Reinforcement Learning for LLMs LLM Reasoning and Architecture

Can models improve themselves on tasks without verifiable answers?

Most self-improvement methods require objective correctness signals, limiting them to math and code. Can models self-improve on open-ended instruction tasks where answers can't be automatically verified?

Note · 2026-02-22 · sourced from Self Refinement Self Consistency Feedback
How should we allocate compute budget at inference time?

Self-Reasoning Language Models (SRLM) addresses a bottleneck in inference-time scaling: most self-improvement methods only work on tasks with verifiable answers (math, code) where correctness can be checked automatically. For general instruction-following — open-ended tasks without deterministic answers — self-improvement has been stuck: you can't reward correctness if you can't verify it.

SRLM's solution: create a small set (~1000 samples) of "reasoning catalyst" data — demonstrations of how to transform short, shallow reasoning chains into longer, more comprehensive ones using meta-reasoning skills. This isn't training on correct answers. It's training on the process of enriching reasoning: showing the model how to unfold the implicit reasoning steps that shorter responses skip.

After training on this catalyst data alongside the original instruction-tuning dataset, the model acquires two capabilities: (a) the base task competence from instruction tuning, and (b) the ability to enrich its own reasoning. The model can then iteratively improve by generating enriched reasoning candidates for training examples, filtering with three quality selectors (no assumption about instruction type or answer format), and retraining on the improved data.

The key finding is stability: SRLM "not only enhances the model's initial performance but also ensures more stable and consistent improvements in subsequent iterations." This contrasts with prior methods that degrade or plateau after few iterations — the reasoning catalyst provides a persistent enrichment signal that doesn't exhaust.

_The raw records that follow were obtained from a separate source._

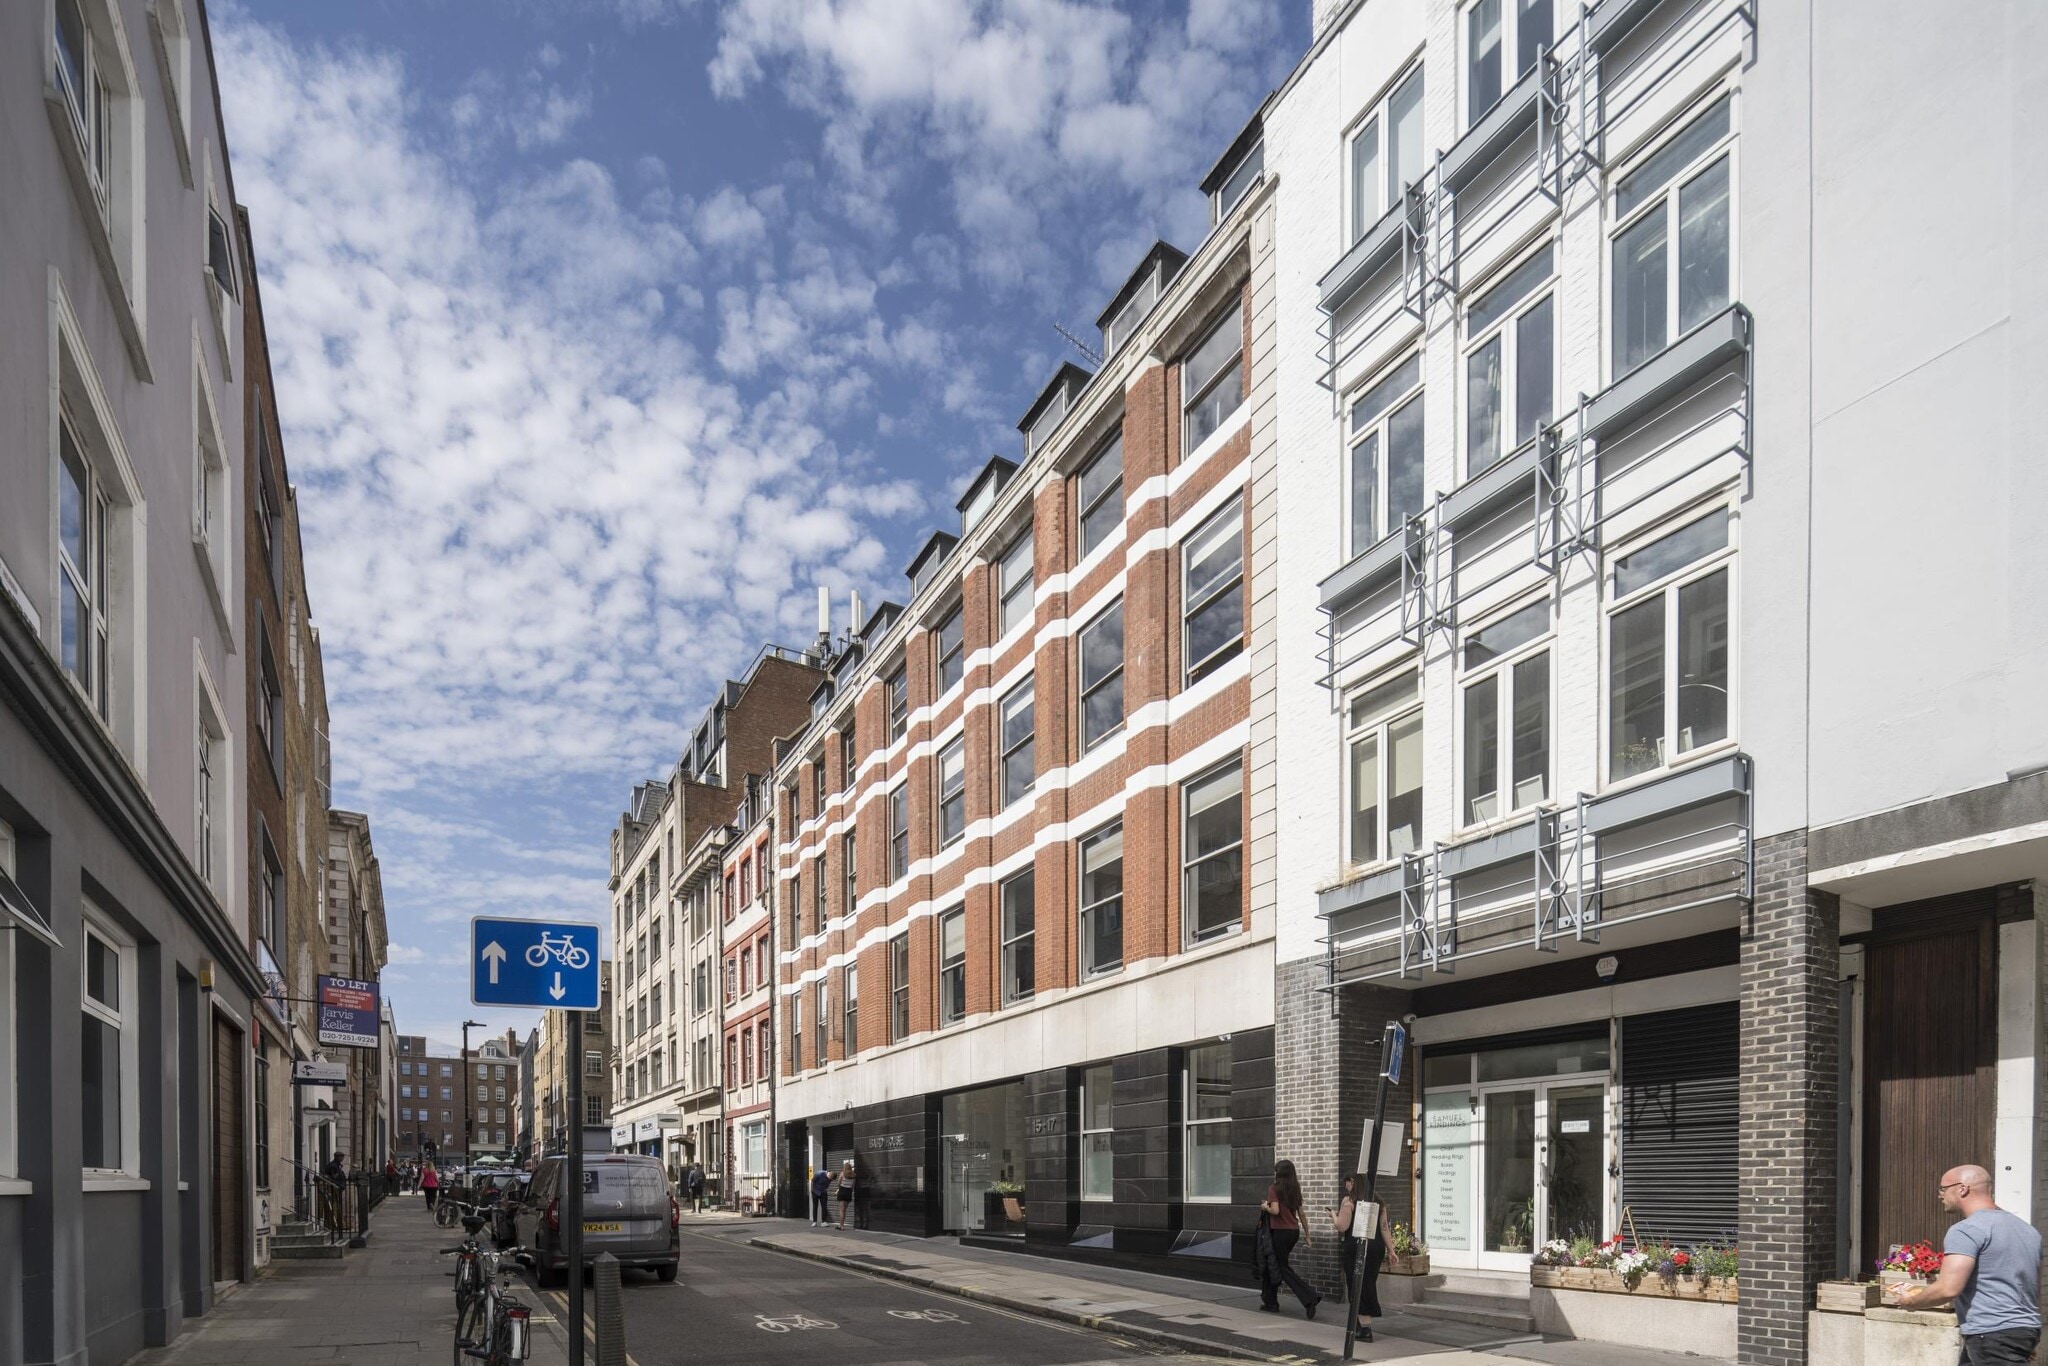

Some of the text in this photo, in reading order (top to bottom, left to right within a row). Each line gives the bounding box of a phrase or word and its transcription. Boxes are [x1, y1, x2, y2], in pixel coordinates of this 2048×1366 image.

[330, 978, 368, 991] TO LET
[322, 1007, 354, 1019] Jarvis
[322, 1019, 354, 1031] Keller
[322, 1032, 375, 1043] 020-7251-9226
[1432, 1114, 1462, 1122] SAMUEL
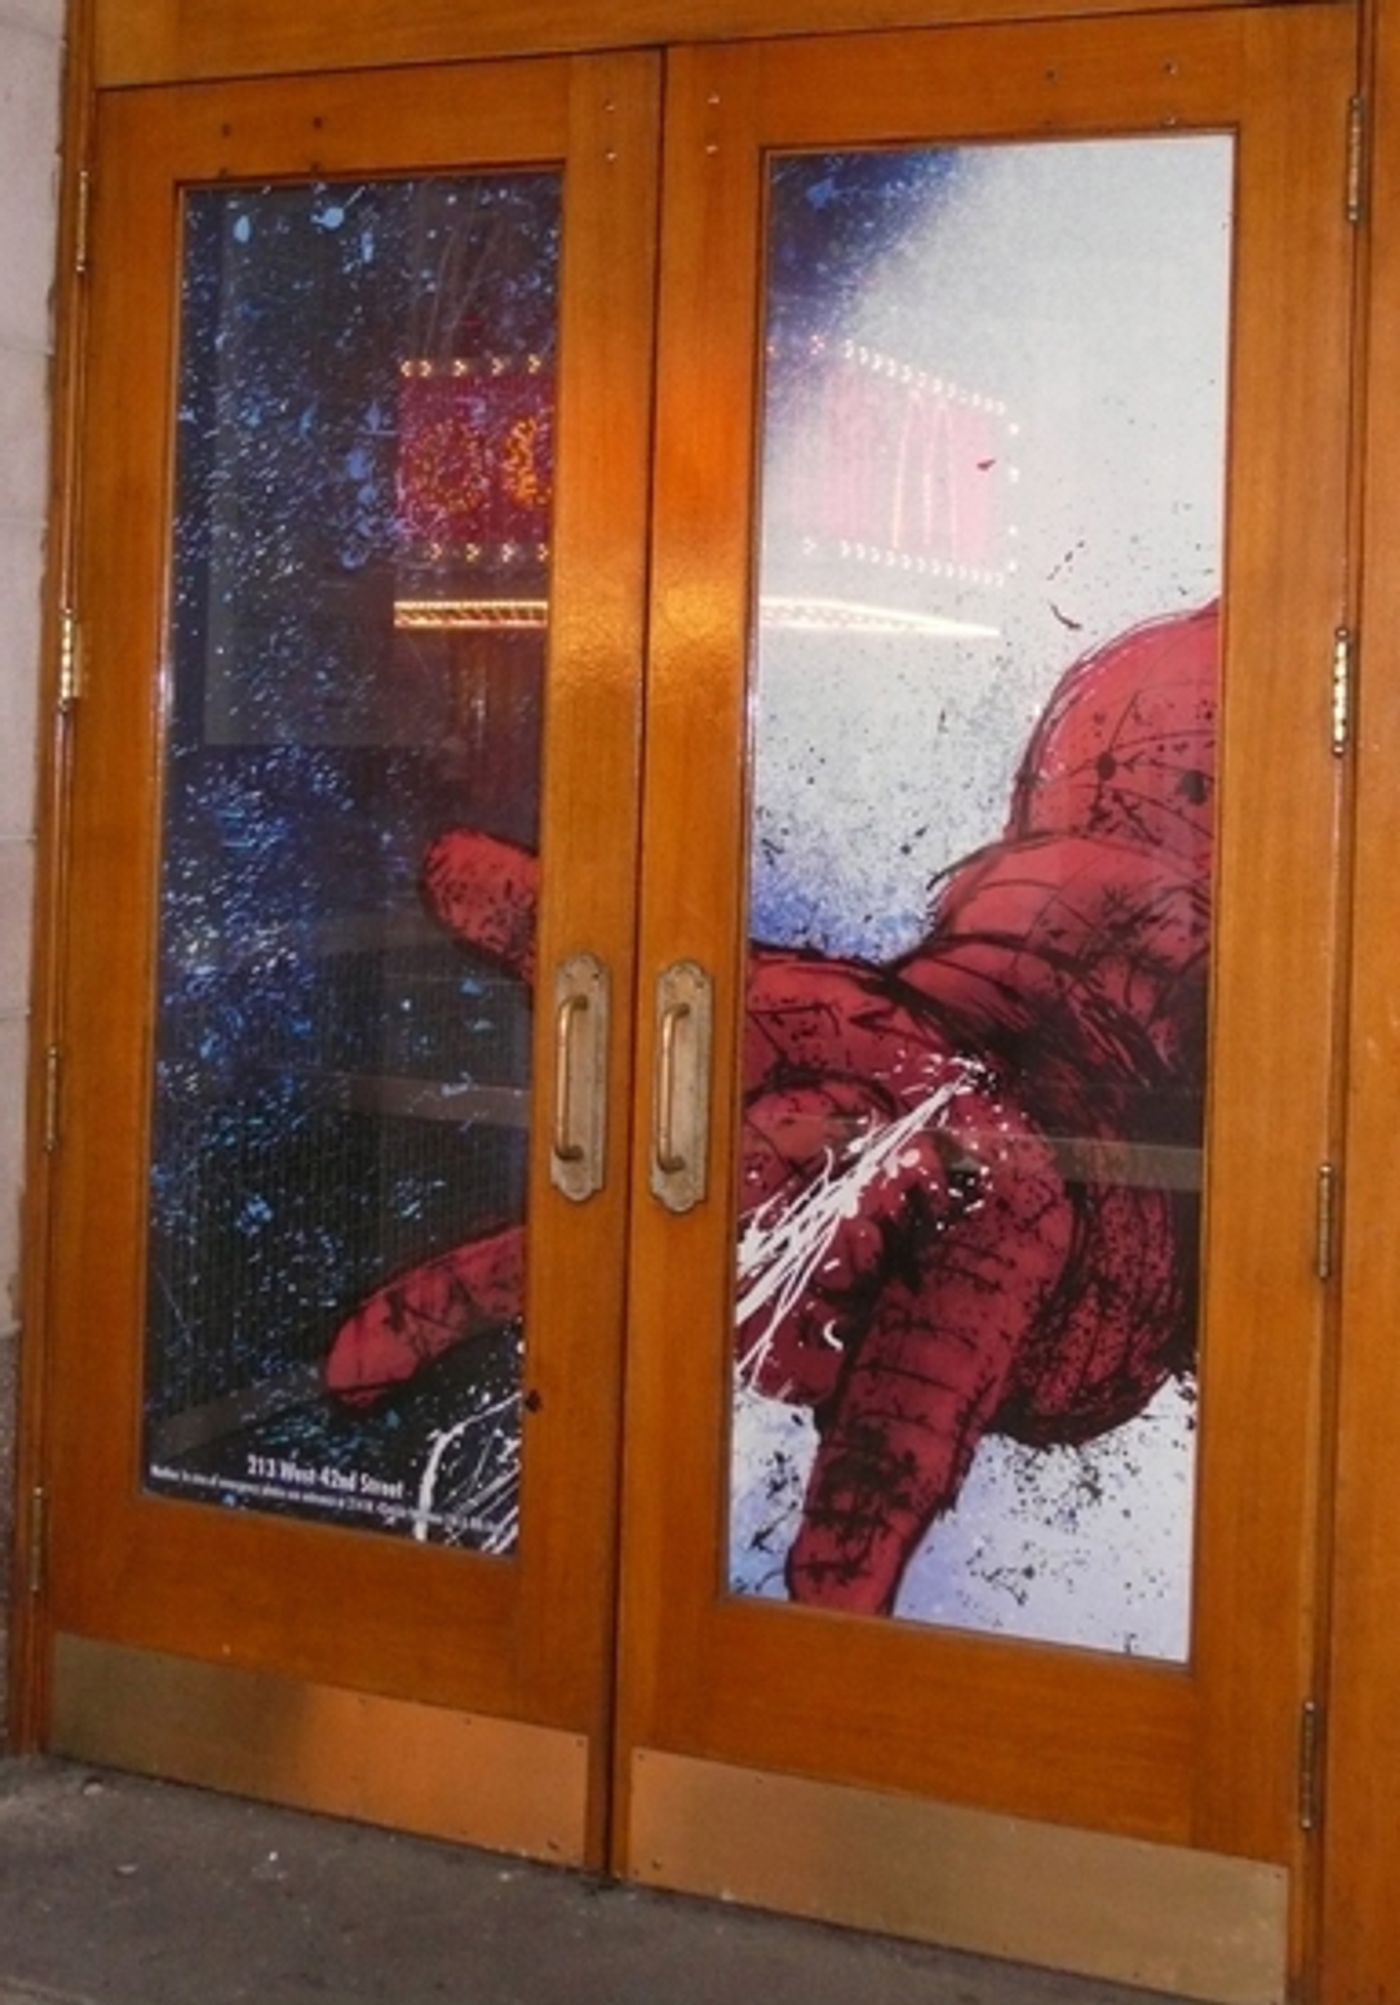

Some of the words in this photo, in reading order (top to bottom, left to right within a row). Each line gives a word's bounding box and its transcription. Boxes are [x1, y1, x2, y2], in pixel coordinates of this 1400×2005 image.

The 1000-sample requirement is remarkably small — though Can a single training example unlock mathematical reasoning? pushes this even further for narrow domains. The difference may be task breadth: 1-shot activates math reasoning specifically, while catalyst data enables general instruction-following self-improvement. Both connect to Do base models already contain hidden reasoning ability? — the reasoning capability is latent in the pretrained model; the catalyst data doesn't teach reasoning but unlocks the ability to articulate it. Similarly, Can small models reason well by just learning output format? shows format is often the bottleneck, not capability.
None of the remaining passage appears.